Sensor-Based Distributionally Robust Control for Safe Robot Navigation in Dynamic Environments

TL;DR

This paper presents a distributionally robust control method for safe robot navigation in dynamic environments, integrating sensor data and probabilistic safety constraints to ensure robustness and real-time operation.

Contribution

It introduces a novel distributionally robust control barrier function (DR-CBF) framework that handles noisy sensor data and complex robot dynamics for safe navigation.

Findings

Effective in simulation and real-world experiments

Ensures safety under sensor noise and environmental uncertainty

Operates at real-time control frequencies

Abstract

We introduce a novel method for mobile robot navigation in dynamic, unknown environments, leveraging onboard sensing and distributionally robust optimization to impose probabilistic safety constraints.
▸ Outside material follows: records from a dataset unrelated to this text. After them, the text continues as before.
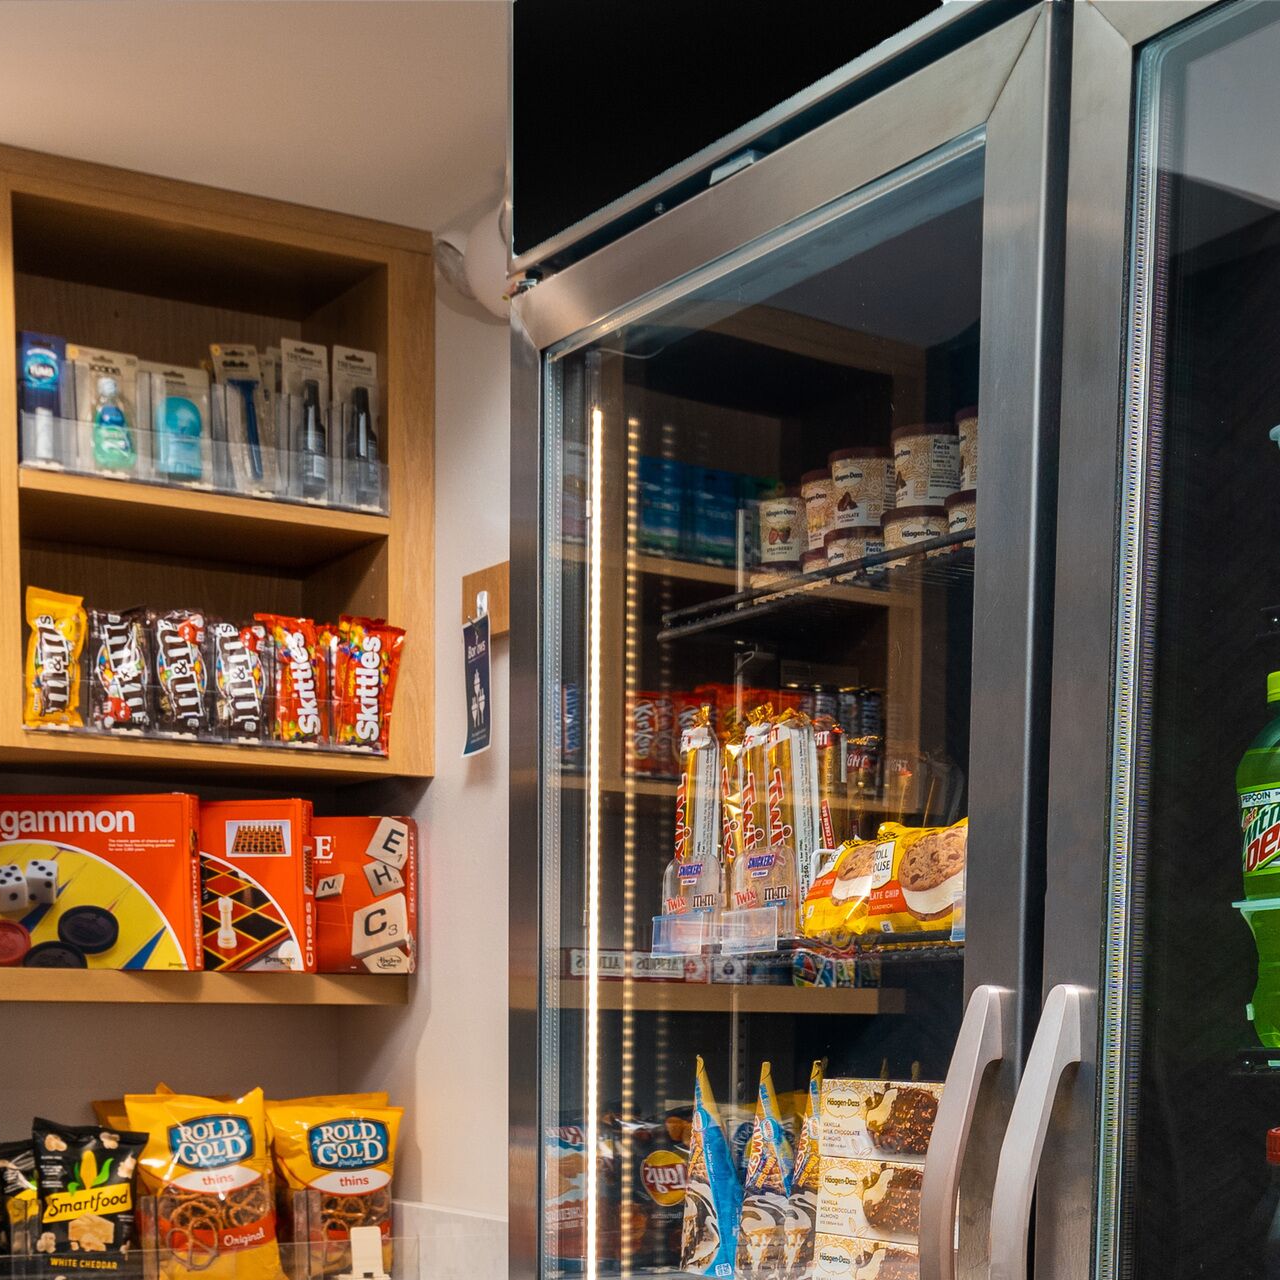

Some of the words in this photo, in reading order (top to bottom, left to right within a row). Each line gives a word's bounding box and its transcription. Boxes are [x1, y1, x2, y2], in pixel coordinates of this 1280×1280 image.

[289, 631, 320, 735] Skittles
[356, 636, 384, 742] Skittles
[748, 854, 775, 869] SNICKERS
[735, 889, 757, 906] Twix
[306, 902, 314, 967] Chess
[180, 1118, 244, 1143] ROLD
[321, 1121, 378, 1142] ROLD
[178, 1137, 248, 1165] GOLD
[317, 1140, 384, 1165] GOLD
[202, 1173, 235, 1186] thins
[339, 1176, 370, 1188] thins
[48, 1190, 128, 1217] Smartfood
[223, 1230, 266, 1247] Original
[50, 1257, 78, 1269] WHITE
[79, 1259, 117, 1271] CHEDDAR
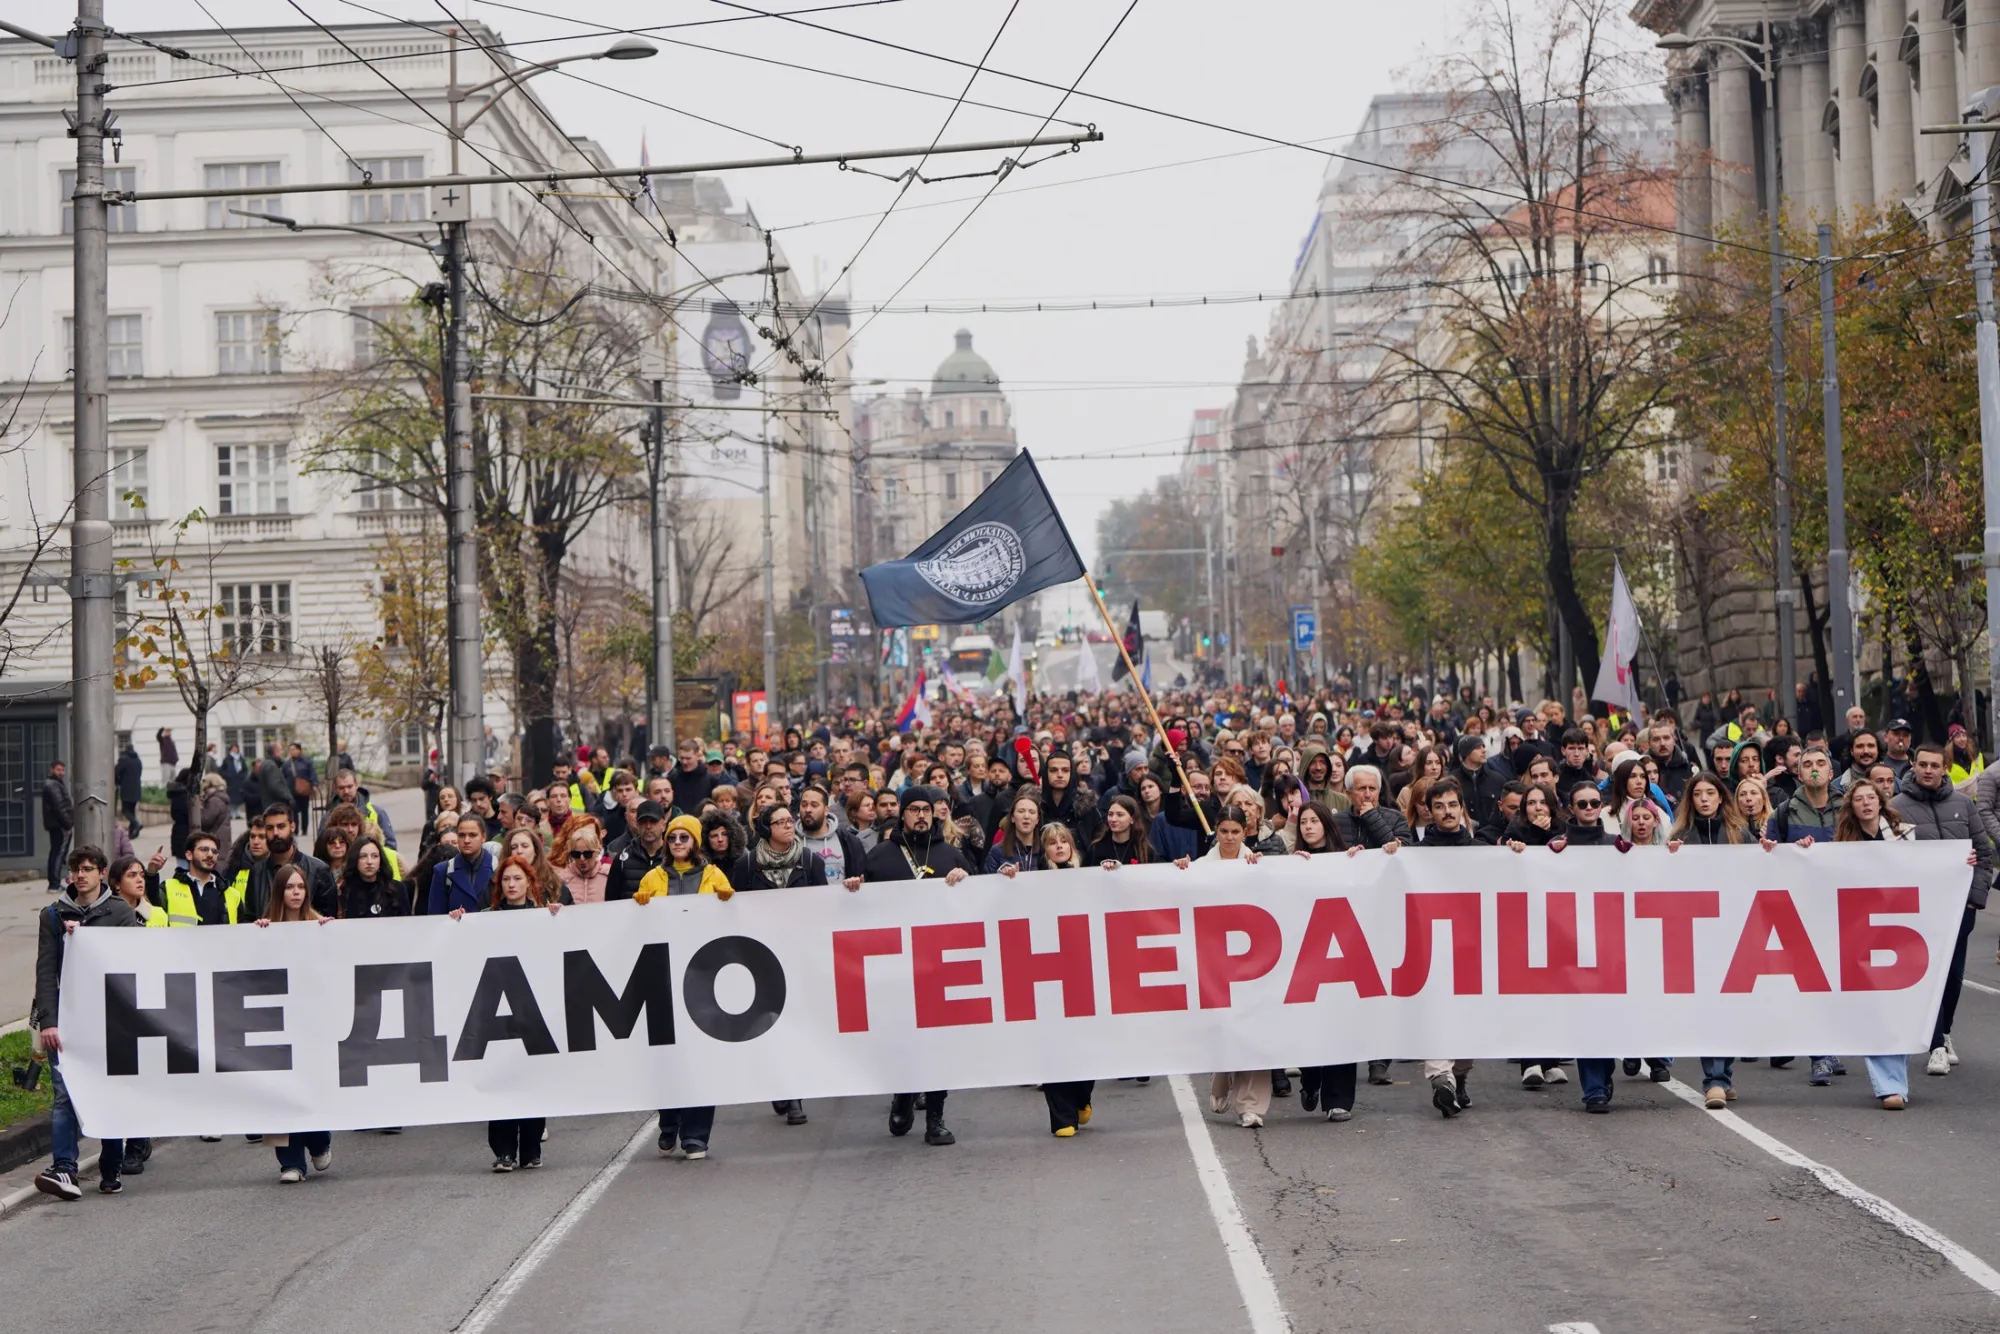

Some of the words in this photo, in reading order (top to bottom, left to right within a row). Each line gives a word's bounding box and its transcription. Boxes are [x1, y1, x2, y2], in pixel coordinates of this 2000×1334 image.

[105, 969, 293, 1076] НЕ
[338, 936, 786, 1087] ДАМО
[833, 887, 1929, 1032] ГЕНЕРАЛШТАБ
Our method introduces a distributionally robust control barrier function (DR-CBF) that directly integrates noisy sensor measurements and state estimates to define safety constraints. This approach is applicable to a wide range of control-affine dynamics, generalizable to robots with complex geometries, and capable of operating at real-time control frequencies. Coupled with a control Lyapunov function (CLF) for path following, the proposed CLF-DR-CBF control synthesis method achieves safe, robust, and efficient navigation in challenging environments. We demonstrate the effectiveness and robustness of our approach for safe autonomous navigation under uncertainty in simulations and real-world experiments with differential-drive robots.